Dans son célèbre article La fin de l’histoire ?, Francis Fukuyama affirme que nous assistons, sans aucun doute, à la fin de l’histoire. Cette thèse repose sur une série d’événements majeurs marquant la fin du XXᵉ siècle : la chute du mur de Berlin, l’effondrement de l’Union soviétique, et les réformes entreprises par Gorbatchev, notamment ses échanges avec les dirigeants occidentaux et sa critique ouverte des communistes, bien qu’il en demeurât le chef suprême. Ces événements, symboliques de l’issue de la Guerre froide, closent, selon Fukuyama, un cycle historique d’affrontements idéologiques majeurs dans le monde[1].

On notera en passant que le point d’interrogation du titre n’est pas, comme on pourrait le croire, une invitation à la réflexion ou au doute. L’article se décline plutôt comme une suite d’affirmations catégoriques, appuyées sur une lecture unilatérale de Hegel et caractérisées par l’omission de nombreuses critiques adressées au libéralisme, tant en Occident que dans les pays du Sud global, où cette idéologie fut souvent imposée par la force.

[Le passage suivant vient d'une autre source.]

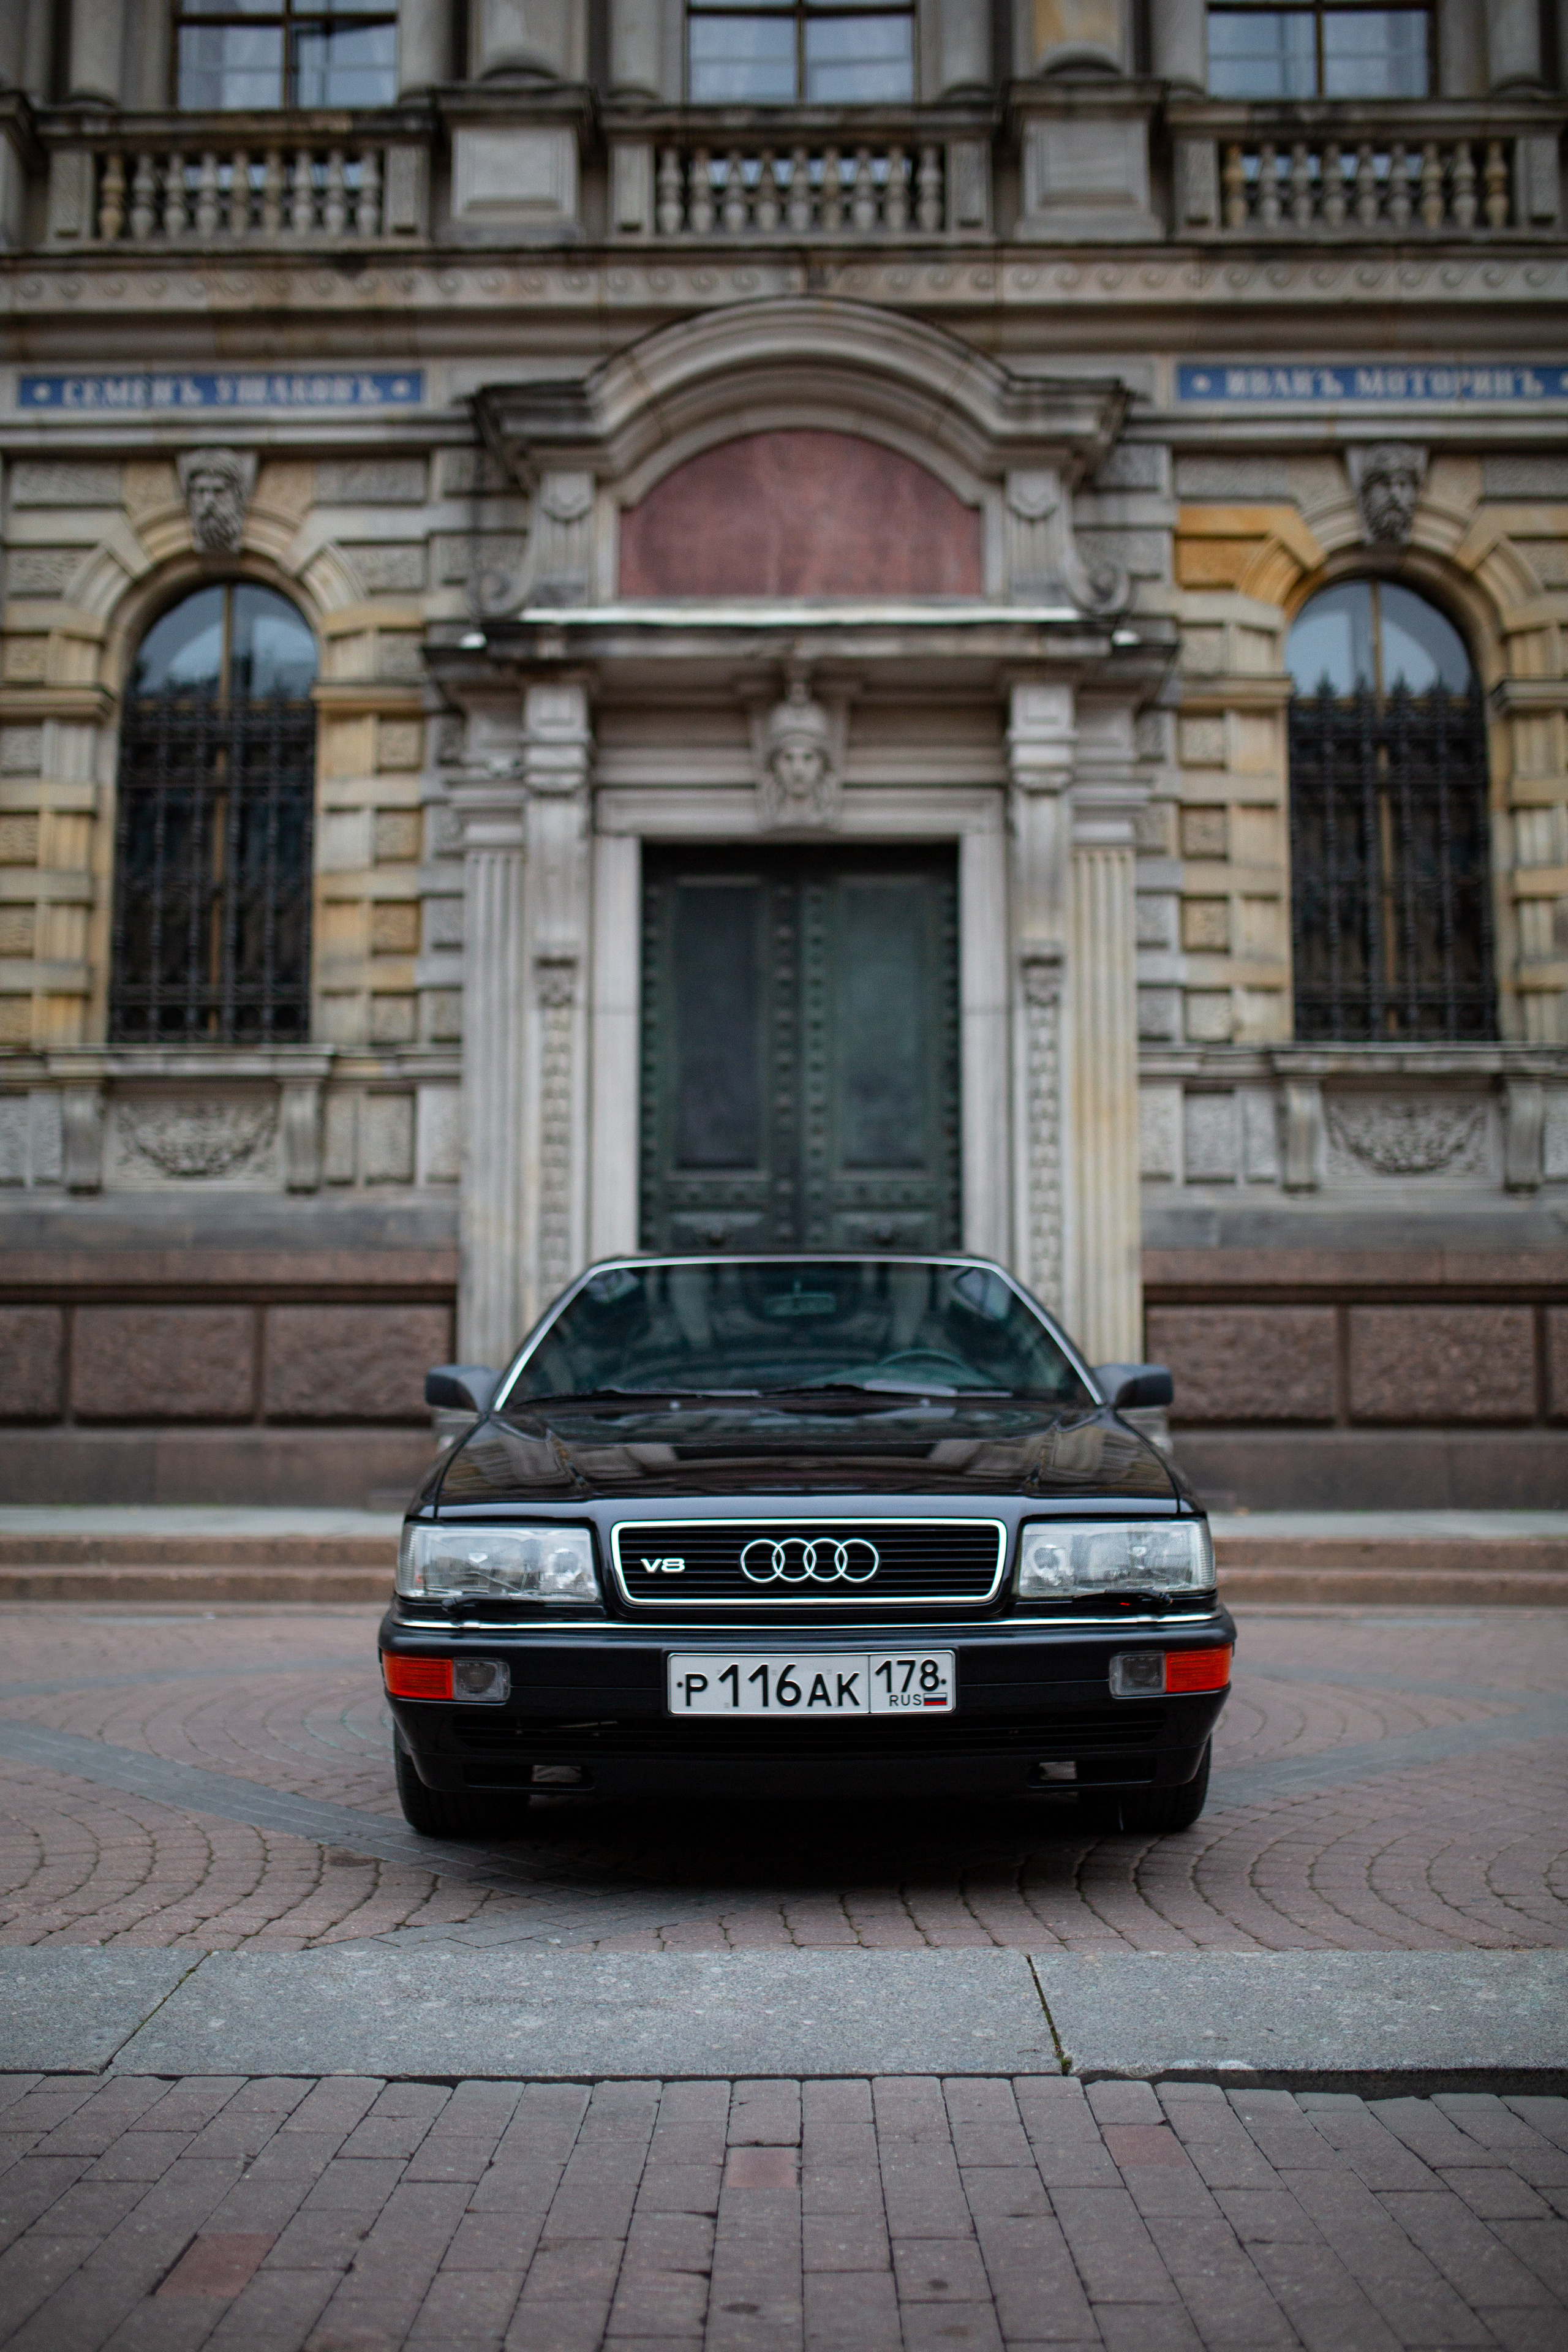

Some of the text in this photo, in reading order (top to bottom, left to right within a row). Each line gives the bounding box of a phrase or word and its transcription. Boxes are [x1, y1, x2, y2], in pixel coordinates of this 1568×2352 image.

[640, 1558, 685, 1573] V8
[874, 1659, 940, 1693] 178
[889, 1694, 922, 1707] RUS

La « fin de l’histoire » : une thèse revisitée

Fukuyama rappelle que l’idée de fin de l’histoire n’est pas nouvelle. Elle trouve en effet des racines dans la pensée de Karl Marx, qui concevait l’histoire comme un processus dialectique unidirectionnel menant à une société sans classes. Cependant, Fukuyama revendique une filiation plus directe avec Hegel, pour qui l’histoire se déroule en étapes dialectiques, des « stades primitifs de conscience » jusqu’à l’État de droit moderne, symbolisant une société démocratique et égalitaire.

Cette lecture hégélienne, selon Fukuyama, sous-tend une conception contemporaine de l’histoire comme un processus de progrès inéluctable vers une forme finale d’organisation sociale. Il va jusqu’à affirmer que cette vision historique est indissociable de la compréhension moderne de l’humanité.

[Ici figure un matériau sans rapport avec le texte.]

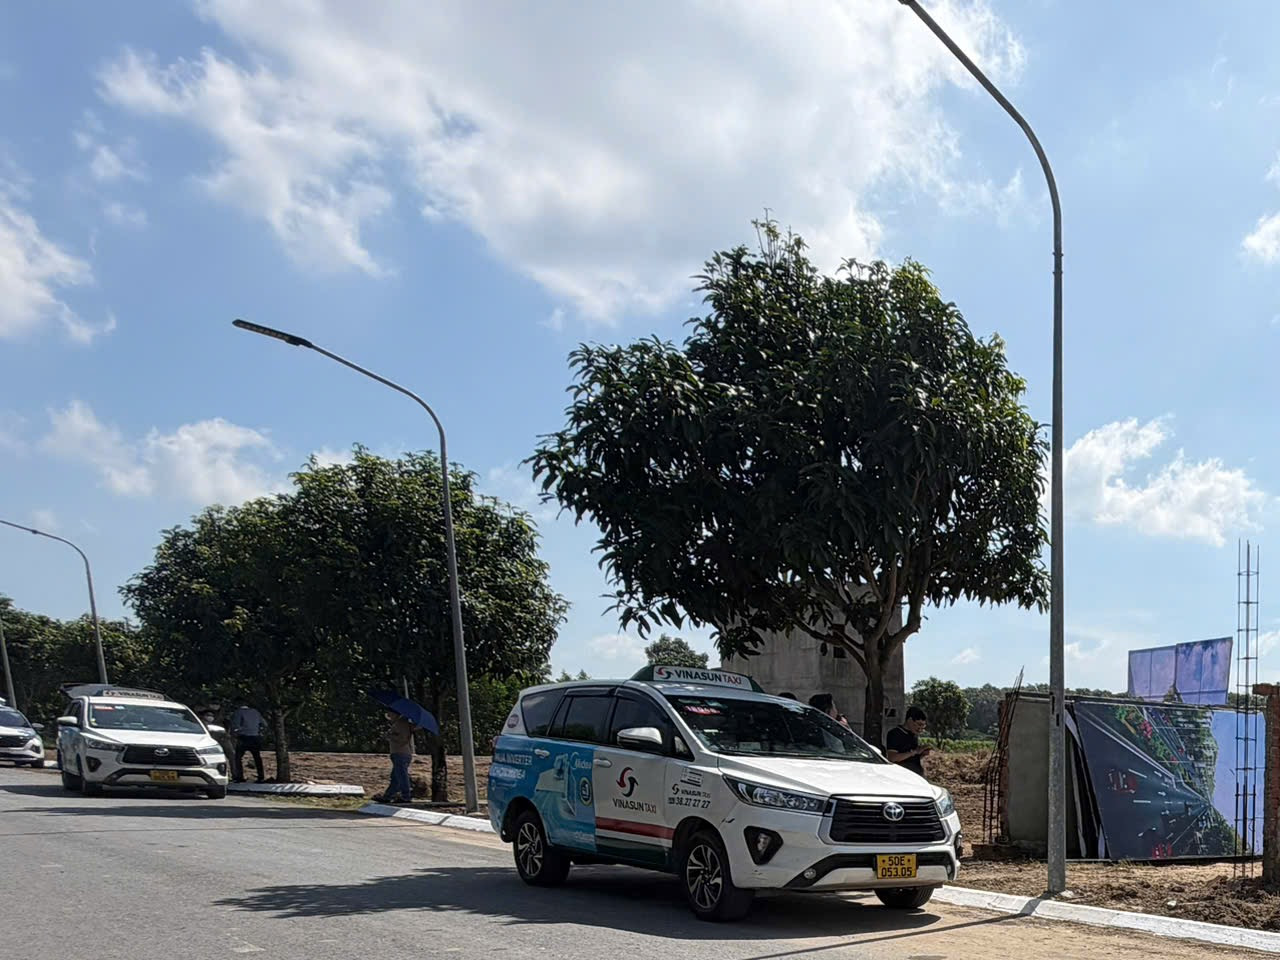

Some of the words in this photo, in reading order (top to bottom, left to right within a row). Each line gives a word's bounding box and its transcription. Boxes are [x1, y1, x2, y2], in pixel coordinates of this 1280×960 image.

[675, 670, 721, 682] VINASUN
[721, 674, 742, 685] TAXI
[612, 798, 644, 812] VINASUN
[645, 803, 657, 814] TAXI
[888, 856, 905, 866] 50E
[881, 867, 912, 877] 053.05
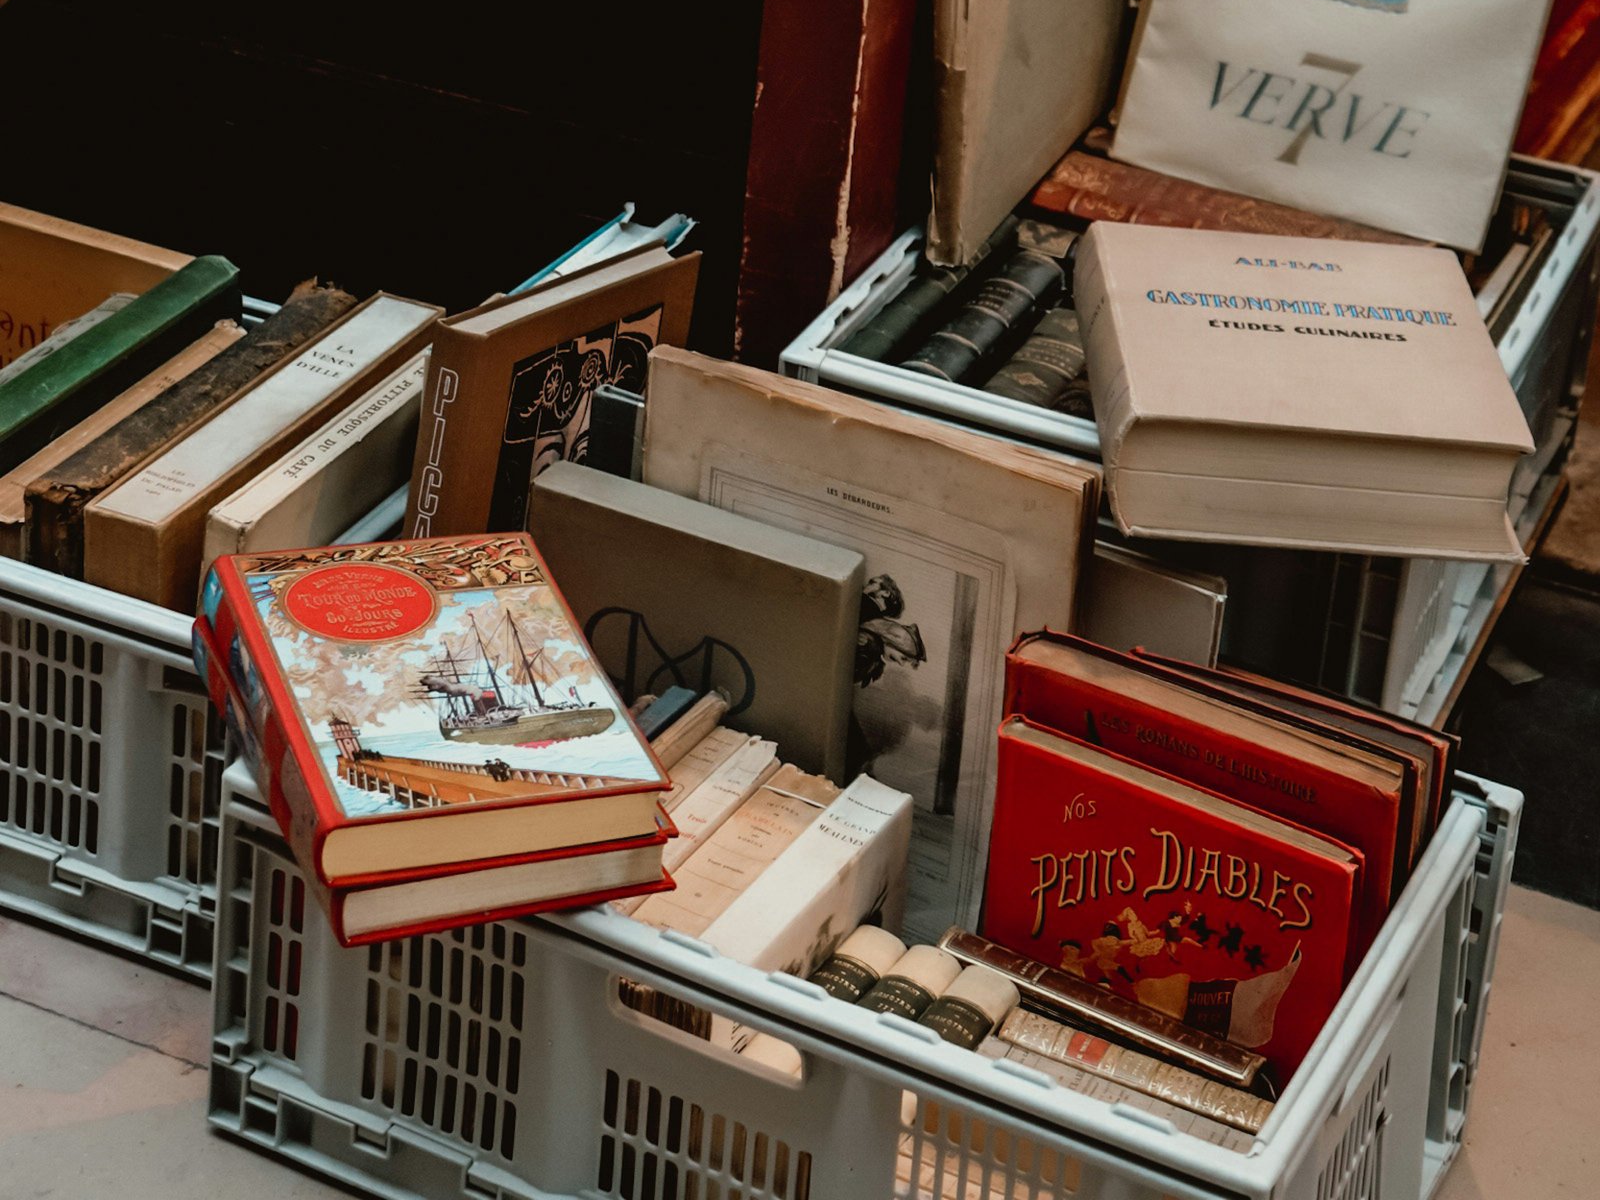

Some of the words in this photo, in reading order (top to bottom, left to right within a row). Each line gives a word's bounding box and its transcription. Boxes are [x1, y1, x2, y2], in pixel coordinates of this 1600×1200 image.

[1206, 61, 1432, 160] VERVE
[1235, 256, 1342, 272] ALI-BAB
[1146, 289, 1330, 317] GASTRONOMIE
[1335, 302, 1457, 327] PRATIQUE
[1294, 325, 1408, 343] CULINAIRES
[337, 380, 413, 436] PITTORESQUE
[318, 438, 337, 453] DU
[827, 487, 838, 497] LES
[1063, 793, 1097, 823] NOS
[1030, 846, 1135, 938] PETITS
[1143, 827, 1312, 930] DIABLES

Pourtant, cette affirmation, qui érige l’historicisme hégélien en paradigme universel, soulève de sérieuses objections. Des historiens comme Henri Marrou ont dénoncé l’abstraction excessive de cette approche, qui réduit l’histoire à une construction philosophique déconnectée de la réalité empirique. Marrou insiste sur les limites de la connaissance historique, marquée par son caractère lacunaire et fragmentaire, ce qui rend toute prétention à une « vision totale » suspecte. De plus, l’idée d’un « esprit universel » gouvernant rationnellement l’histoire relève davantage d’une spéculation métaphysique que d’une démarche empirique[2].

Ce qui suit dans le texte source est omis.